_Data records_

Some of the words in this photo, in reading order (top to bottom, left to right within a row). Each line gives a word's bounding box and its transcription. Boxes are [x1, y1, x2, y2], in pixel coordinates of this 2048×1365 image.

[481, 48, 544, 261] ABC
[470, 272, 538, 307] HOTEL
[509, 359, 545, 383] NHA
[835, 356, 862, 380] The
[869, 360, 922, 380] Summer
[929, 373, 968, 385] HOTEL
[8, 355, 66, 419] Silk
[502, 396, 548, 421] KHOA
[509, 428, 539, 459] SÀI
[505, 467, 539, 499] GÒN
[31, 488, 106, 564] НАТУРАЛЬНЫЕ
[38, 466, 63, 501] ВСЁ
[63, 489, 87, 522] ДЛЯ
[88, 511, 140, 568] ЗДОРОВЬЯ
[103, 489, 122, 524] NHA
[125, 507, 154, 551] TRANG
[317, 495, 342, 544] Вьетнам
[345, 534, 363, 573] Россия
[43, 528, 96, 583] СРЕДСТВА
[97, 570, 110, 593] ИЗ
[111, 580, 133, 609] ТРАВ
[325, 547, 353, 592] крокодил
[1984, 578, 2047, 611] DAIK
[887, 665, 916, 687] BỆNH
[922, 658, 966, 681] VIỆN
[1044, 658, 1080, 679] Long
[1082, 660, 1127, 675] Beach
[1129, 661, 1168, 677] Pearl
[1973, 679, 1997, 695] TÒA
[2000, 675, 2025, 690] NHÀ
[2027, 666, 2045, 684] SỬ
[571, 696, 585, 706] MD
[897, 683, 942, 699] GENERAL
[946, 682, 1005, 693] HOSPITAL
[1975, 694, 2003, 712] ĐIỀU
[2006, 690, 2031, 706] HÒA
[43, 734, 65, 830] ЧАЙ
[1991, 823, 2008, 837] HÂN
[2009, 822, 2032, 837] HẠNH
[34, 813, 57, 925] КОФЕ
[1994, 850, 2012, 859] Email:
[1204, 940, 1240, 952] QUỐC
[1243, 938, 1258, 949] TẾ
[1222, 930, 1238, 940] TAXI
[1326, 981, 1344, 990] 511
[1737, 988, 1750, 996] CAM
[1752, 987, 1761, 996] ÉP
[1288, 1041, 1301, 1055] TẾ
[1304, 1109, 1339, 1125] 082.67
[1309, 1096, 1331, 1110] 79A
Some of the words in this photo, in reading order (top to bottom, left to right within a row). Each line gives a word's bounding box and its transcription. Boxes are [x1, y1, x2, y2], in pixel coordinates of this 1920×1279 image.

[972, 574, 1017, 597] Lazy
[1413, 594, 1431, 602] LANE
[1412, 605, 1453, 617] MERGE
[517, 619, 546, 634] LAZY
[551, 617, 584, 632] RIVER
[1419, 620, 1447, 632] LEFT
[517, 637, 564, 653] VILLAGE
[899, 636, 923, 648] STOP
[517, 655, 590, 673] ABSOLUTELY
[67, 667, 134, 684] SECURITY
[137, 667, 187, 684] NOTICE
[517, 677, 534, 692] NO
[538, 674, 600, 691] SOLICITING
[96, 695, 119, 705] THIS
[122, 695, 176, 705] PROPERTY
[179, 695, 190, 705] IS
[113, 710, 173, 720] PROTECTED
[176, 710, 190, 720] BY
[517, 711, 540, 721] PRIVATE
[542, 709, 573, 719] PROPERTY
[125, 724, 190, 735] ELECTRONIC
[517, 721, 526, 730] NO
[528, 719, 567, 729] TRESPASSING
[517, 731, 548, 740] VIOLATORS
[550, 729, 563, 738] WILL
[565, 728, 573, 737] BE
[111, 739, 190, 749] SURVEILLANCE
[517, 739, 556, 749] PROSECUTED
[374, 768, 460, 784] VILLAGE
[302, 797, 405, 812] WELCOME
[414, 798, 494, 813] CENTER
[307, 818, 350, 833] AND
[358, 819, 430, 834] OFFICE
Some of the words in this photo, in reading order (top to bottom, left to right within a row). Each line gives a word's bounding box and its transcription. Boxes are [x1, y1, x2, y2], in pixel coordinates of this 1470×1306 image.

_Task directions_
Exactly reproduce all of the entries.

_Problem solution_
Some of the words in this photo, in reading order (top to bottom, left to right within a row). Each line gives a word's bounding box and its transcription. Boxes are [x1, y1, x2, y2], in pixel coordinates of this 2048×1365 image.

[481, 48, 544, 261] ABC
[470, 272, 538, 307] HOTEL
[509, 359, 545, 383] NHA
[835, 356, 862, 380] The
[869, 360, 922, 380] Summer
[929, 373, 968, 385] HOTEL
[8, 355, 66, 419] Silk
[502, 396, 548, 421] KHOA
[509, 428, 539, 459] SÀI
[505, 467, 539, 499] GÒN
[31, 488, 106, 564] НАТУРАЛЬНЫЕ
[38, 466, 63, 501] ВСЁ
[63, 489, 87, 522] ДЛЯ
[88, 511, 140, 568] ЗДОРОВЬЯ
[103, 489, 122, 524] NHA
[125, 507, 154, 551] TRANG
[317, 495, 342, 544] Вьетнам
[345, 534, 363, 573] Россия
[43, 528, 96, 583] СРЕДСТВА
[97, 570, 110, 593] ИЗ
[111, 580, 133, 609] ТРАВ
[325, 547, 353, 592] крокодил
[1984, 578, 2047, 611] DAIK
[887, 665, 916, 687] BỆNH
[922, 658, 966, 681] VIỆN
[1044, 658, 1080, 679] Long
[1082, 660, 1127, 675] Beach
[1129, 661, 1168, 677] Pearl
[1973, 679, 1997, 695] TÒA
[2000, 675, 2025, 690] NHÀ
[2027, 666, 2045, 684] SỬ
[571, 696, 585, 706] MD
[897, 683, 942, 699] GENERAL
[946, 682, 1005, 693] HOSPITAL
[1975, 694, 2003, 712] ĐIỀU
[2006, 690, 2031, 706] HÒA
[43, 734, 65, 830] ЧАЙ
[1991, 823, 2008, 837] HÂN
[2009, 822, 2032, 837] HẠNH
[34, 813, 57, 925] КОФЕ
[1994, 850, 2012, 859] Email:
[1204, 940, 1240, 952] QUỐC
[1243, 938, 1258, 949] TẾ
[1222, 930, 1238, 940] TAXI
[1326, 981, 1344, 990] 511
[1737, 988, 1750, 996] CAM
[1752, 987, 1761, 996] ÉP
[1288, 1041, 1301, 1055] TẾ
[1304, 1109, 1339, 1125] 082.67
[1309, 1096, 1331, 1110] 79A
Some of the words in this photo, in reading order (top to bottom, left to right within a row). Each line gives a word's bounding box and its transcription. Boxes are [x1, y1, x2, y2], in pixel coordinates of this 1920×1279 image.

[972, 574, 1017, 597] Lazy
[1413, 594, 1431, 602] LANE
[1412, 605, 1453, 617] MERGE
[517, 619, 546, 634] LAZY
[551, 617, 584, 632] RIVER
[1419, 620, 1447, 632] LEFT
[517, 637, 564, 653] VILLAGE
[899, 636, 923, 648] STOP
[517, 655, 590, 673] ABSOLUTELY
[67, 667, 134, 684] SECURITY
[137, 667, 187, 684] NOTICE
[517, 677, 534, 692] NO
[538, 674, 600, 691] SOLICITING
[96, 695, 119, 705] THIS
[122, 695, 176, 705] PROPERTY
[179, 695, 190, 705] IS
[113, 710, 173, 720] PROTECTED
[176, 710, 190, 720] BY
[517, 711, 540, 721] PRIVATE
[542, 709, 573, 719] PROPERTY
[125, 724, 190, 735] ELECTRONIC
[517, 721, 526, 730] NO
[528, 719, 567, 729] TRESPASSING
[517, 731, 548, 740] VIOLATORS
[550, 729, 563, 738] WILL
[565, 728, 573, 737] BE
[111, 739, 190, 749] SURVEILLANCE
[517, 739, 556, 749] PROSECUTED
[374, 768, 460, 784] VILLAGE
[302, 797, 405, 812] WELCOME
[414, 798, 494, 813] CENTER
[307, 818, 350, 833] AND
[358, 819, 430, 834] OFFICE
Some of the words in this photo, in reading order (top to bottom, left to right within a row). Each line gives a word's bounding box and its transcription. Boxes are [x1, y1, x2, y2], in pixel coordinates of this 1470×1306 image.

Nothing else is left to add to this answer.